First, the long harmful event table is sorted decreasingly by the number of harmful events and the top 5 event types are plotted:
harmful_events <- harmful_events %>%
arrange(desc(harmful_events)) %>%
slice_head(n = 10)
harmful_events$evtype_final <- factor(harmful_events$evtype_final, levels = unique(harmful_events$evtype_final)) # treat the event types as factors to keep the sorted order for plotting
ggplot(harmful_events, aes_string(x = "evtype_final", y = "harmful_events", fill = "type")) +
geom_col() +
labs(
title = "Influence of weather events on population health",
x = "Event type",
y = "Number of cases",
fill = "Type",
) +
scale_fill_manual(
values = c("red", "black")
) +
theme(
title = element_text (size = 16),
axis.text = element_text (size = 12),
axis.title.x = element_text(size = 16),
axis.title.y = element_text(size = 16),
legend.text = element_text(size = 12)
)## Warning: `aes_string()` was deprecated in ggplot2 3.0.0.
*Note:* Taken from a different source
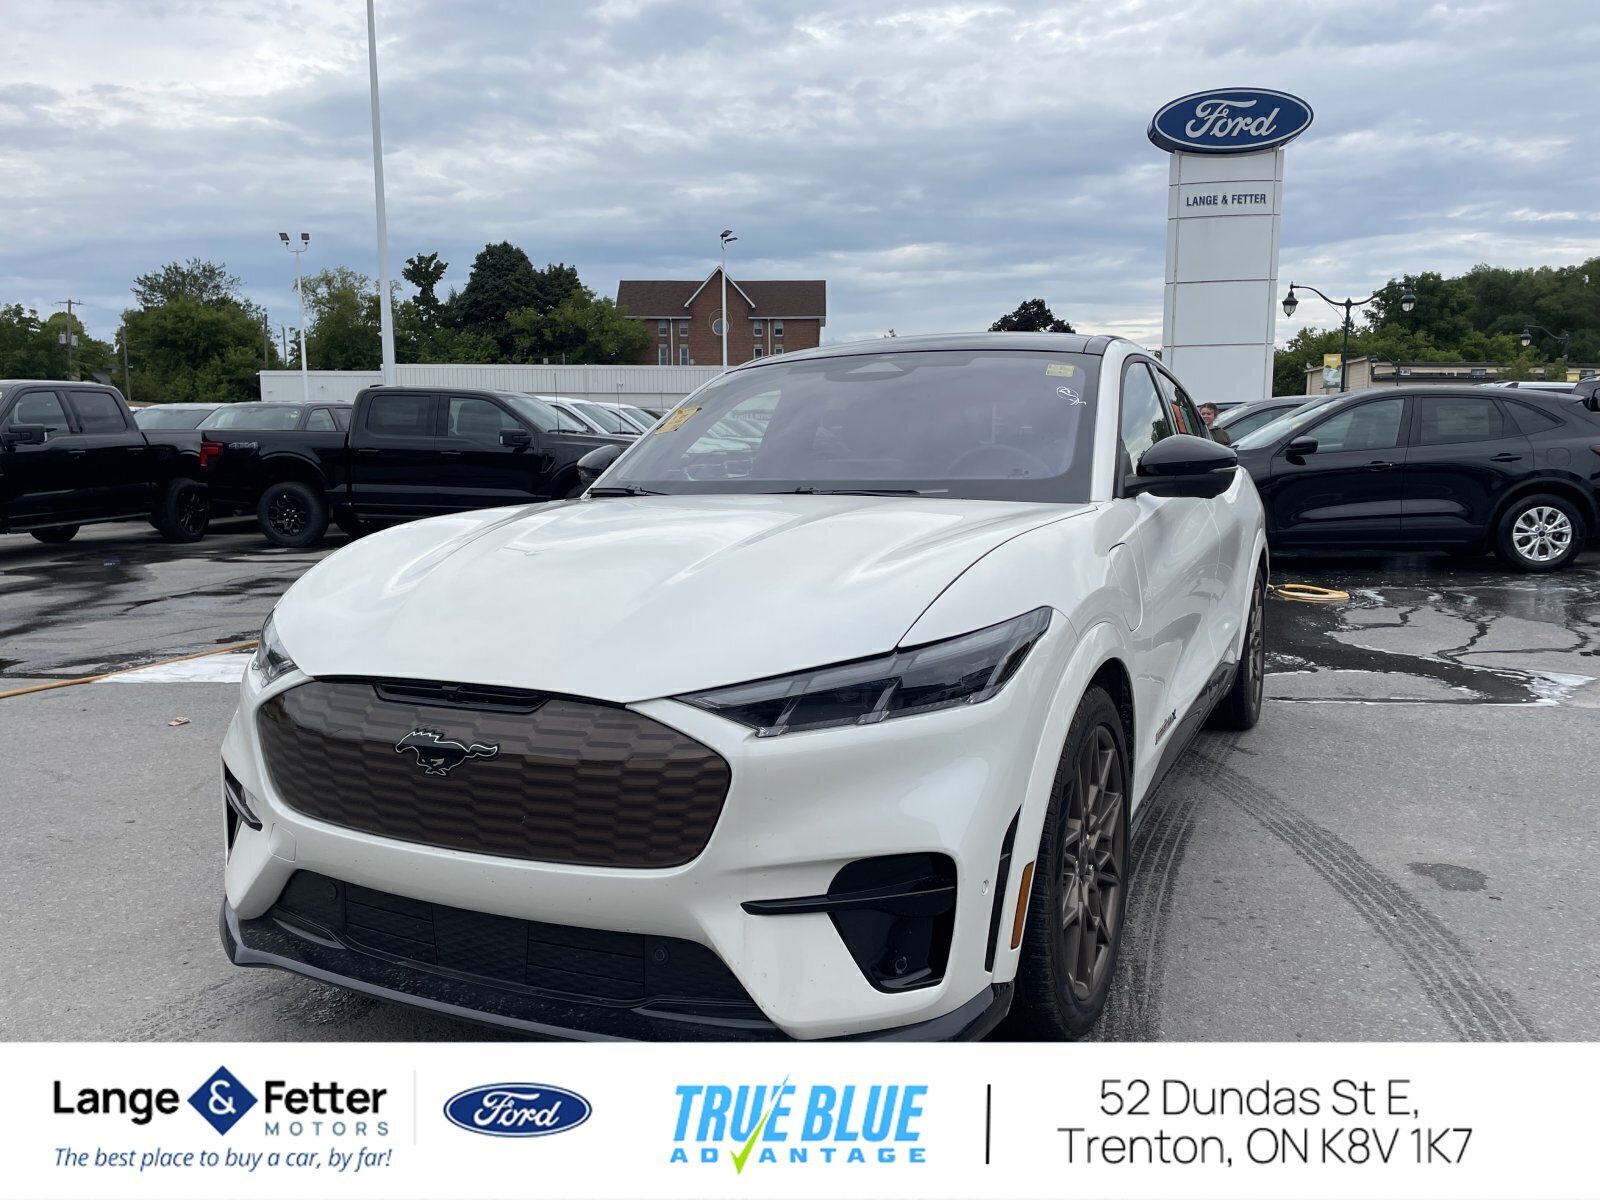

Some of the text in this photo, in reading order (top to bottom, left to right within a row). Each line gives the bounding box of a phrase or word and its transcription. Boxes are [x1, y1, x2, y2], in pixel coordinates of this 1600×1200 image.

[1185, 99, 1280, 138] Ford
[1186, 193, 1266, 207] LANGE & FETTER
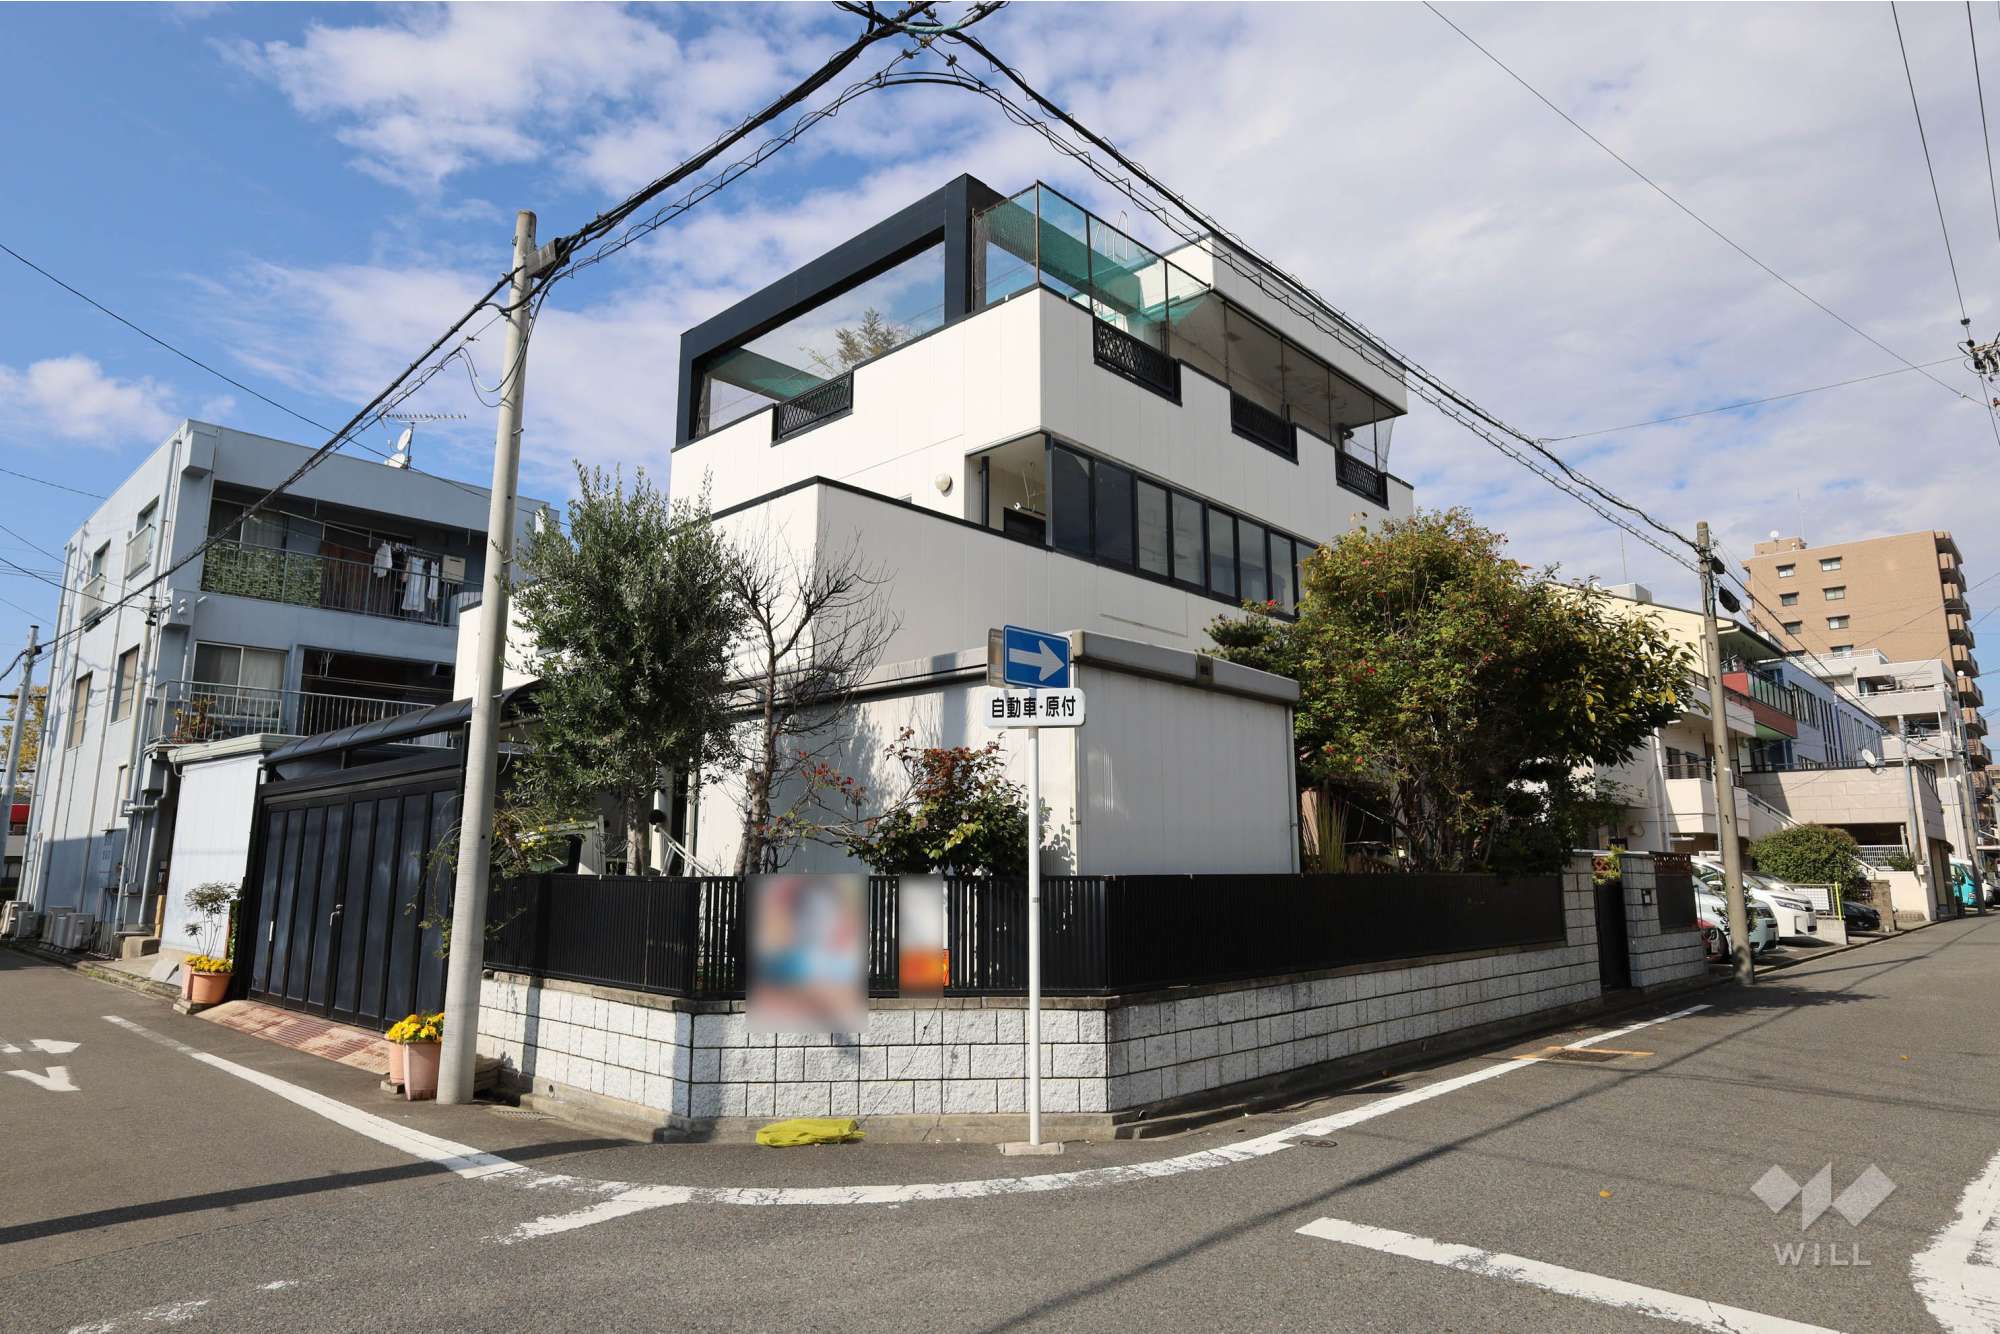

## ℹ Please use tidy evaluation idioms with `aes()`.
## ℹ See also `vignette("ggplot2-in-packages")` for more information.
## This warning is displayed once per session.
## Call `lifecycle::last_lifecycle_warnings()` to see where this warning was
## generated.
As we can see, in the plot, tornados are by far the most harmful events as respect to population health as they cause most fatalities and injuries.
2. Across the US, which types of events have the greatest economic consequences?
For answering the second question, the long damage expenses table is sorted decreasingly by the combined damage expenses, the expenses values are divided by 1.000.000.000 to show them in Billion USD and the top 5 event types are plotted again:
damage_expenses <- damage_expenses %>%
arrange(desc(damage_expenses)) %>%
mutate(damage_expenses = damage_expenses/1e9,
expenses = expenses/1e9) %>%
slice_head(n = 10)
damage_expenses$evtype_final <- factor(damage_expenses$evtype_final, levels = unique(damage_expenses$evtype_final)) # treat the event types as factors to keep the sorted order for plotting
ggplot(damage_expenses, aes_string(x = "evtype_final", y = "damage_expenses", fill = "type")) +
geom_col() +
labs(
title = "Damage expenses per weather event type",
x = "Event type",
y = "Expenses in Billion USD",
fill = "Type",
) +
scale_fill_manual(
labels = c("Crop damage", "Property damage"),
values = c("red", "black")
) +
theme(
title = element_text (size = 18),
axis.text = element_text (size = 12),
axis.title.x = element_text(size = 16),
axis.title.y = element_text(size = 16),
legend.text = element_text(size = 12)
)
The graph shows that with more than 300 billion USD, flood events cause the greatest damage-related expenses and therefore the greatest economic consequences. This is followed by hurricanes, wind events and tornados, which all cause expenses of more than 100 billion USD.